Menyingkap Prahara Istana Negara (Part 2) - Dan sejarah berulang ketika Presiden Soeharto yang berkuasa selama 32 tahun harus menerima kenyataan pahit; dilengseerkan oleh kekuatan rakyat (people power). Pak Harto tak kuasa menahan desakan rakyat yang dimotori mahasiswa. Dalam sebuah jumpa pers yang emosional pada 21 Mei 1998 Soeharto pun menyatakan dirinya mundur sebagai presiden atau dalam istilah yang sering dikemukakan Pak Harto: lengser keprabon mandheg pandhito.
Nasib tragis juga Presiden Abdurrahman Wahid. Presiden ke-4 itu 'dipaksa' meninggalkan istana setelah Sidang Istimewa MPR yang dipimpin Amien Rais mencabut mandat yang diberikan. Gus Dur yang tidak terima dengan keputusan MPR sempat mengeluarkan Dekrit Presiden. Namun dekrit itu tidak mampu mencegah kejatuhan kekuasaannya. Gus Dur juga sempat muncul di depan Istana Negara hanya dengan mengenakan celana pendek untuk menarik simpati rakyat. Namun 'kutukan' Istana Negara yang tidak dilengkapi benteng itu kembali menelan korban. Gus Dur akhirnya pasrah dan menerima kenyataan pahit dilengserkan di tengah masa jabatannya.

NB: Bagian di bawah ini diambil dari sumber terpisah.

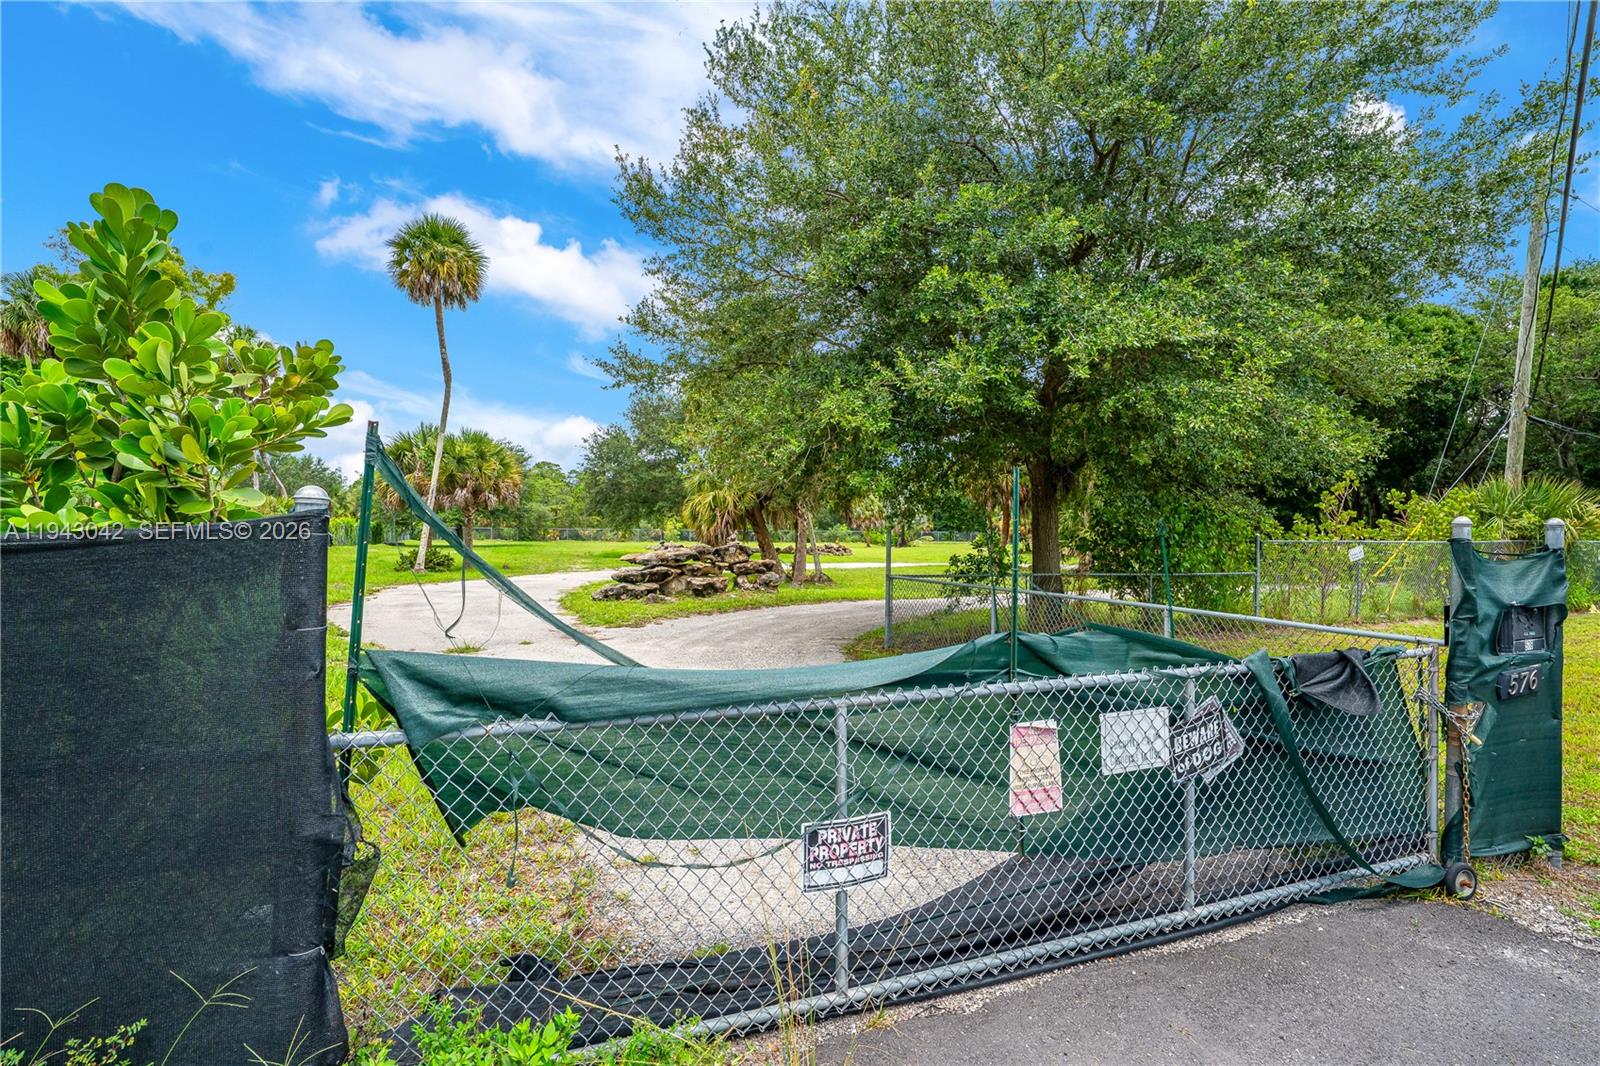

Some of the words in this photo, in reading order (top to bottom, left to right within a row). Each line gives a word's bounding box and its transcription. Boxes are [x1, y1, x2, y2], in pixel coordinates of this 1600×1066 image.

Sedangkan BJ Habibie dan Megawati Soekarnoputri hanya menghabiskan sisa waktu pendahulunya sebagai presiden. Meski tidak sampai terusir dari istana, namun keduanya gagal merengkuh jabatan keduanya. BJ Habibie tidak ikut pemilihan presiden, yang waktu itu masih dilaksanakan oleh MPR, karena pertanggungjawabnya ditolak. Sementara Megawati kalah dalam pemilihan presiden yang untuk pertama kali digelar secara langsung.
Bagaimana dengan Presiden Susilo Bambang Yudhoyono? Meski belum ada tanda-tanda SBY akan jatuh di tengah jalan, namun prahara yang menimpana tidak bisa dibilang ringan dari mulai maraknya bencana alam hingga 'tsunami' korupsi yang kini tengah mendapat sorotan luas. Jika tidak diantisipasi, bukan tidak mungkin lilitan korupsi di Kemenpora yang menyeret Bendahara DPP Partai Demokrat M. Nazarudin dan korupsi di Kementerian Tenaga Kerja dan Transmigrasi akan mengimbas kemana-mana hingga ke tubir istana.
Kisruh di seputar istana tentu saja membawa dampak kepada rakyat. Negeri yang konon gemah ripah loh jinawi ini pun tidak mampu membebaskan dirinya dari kungkungan kemiskinan. Para pemimpin di negeri ini telah gagal mewujudkan amanat yang diembannya karena sibuk dengan urusan di sekitar kekuasaannya sehingga tidak ada waktu untuk memikirkan kepentingan rakyat. Selama prasyarat untuk membangun kuta negara yang sesuai pakem belum terpenuhi maka kondisi ini akan terus berlanjut.
Pembangunan benteng di sekitar istana bukan untuk memisahkan penguasa dengan rakyatnya, melainkan sebagai simbol keagungan. Istana Negara yang tidak dikelilingi benteng akan kehilangan aura kedigdayaannya sehingga berpengaruh terhadap penghuninya. Benteng juga merupakan pilar ke empat dari sebuah kuta negara yang dikenal selama ini. Menghadirkan benteng di sekitar Istana Negara menjadi wajib hukumnya agar prahara para pemimpin kita segera berakhir.
KHARISMA BUNG KARNO
Jakarta sebagai kuta negara tidak terlepas dari kharisma dan kepemimpinan Presiden Soekarno. Masyarakat Jawa sangat meyakini Bung Karno mewarisi wahyu cakraningrat, kekuatan yang hanya dimiliki oleh rajha-raja tanah Jawa. Bung Karno sendiri menyadari hal itu. Salah satunya tertuang dalam gagasan pembuatan monumen nasional (Monas) yang berbentuk lingga dan yoni sekaligus. Kawasan Monas sekaligus dijadikan sebagai alun-alun.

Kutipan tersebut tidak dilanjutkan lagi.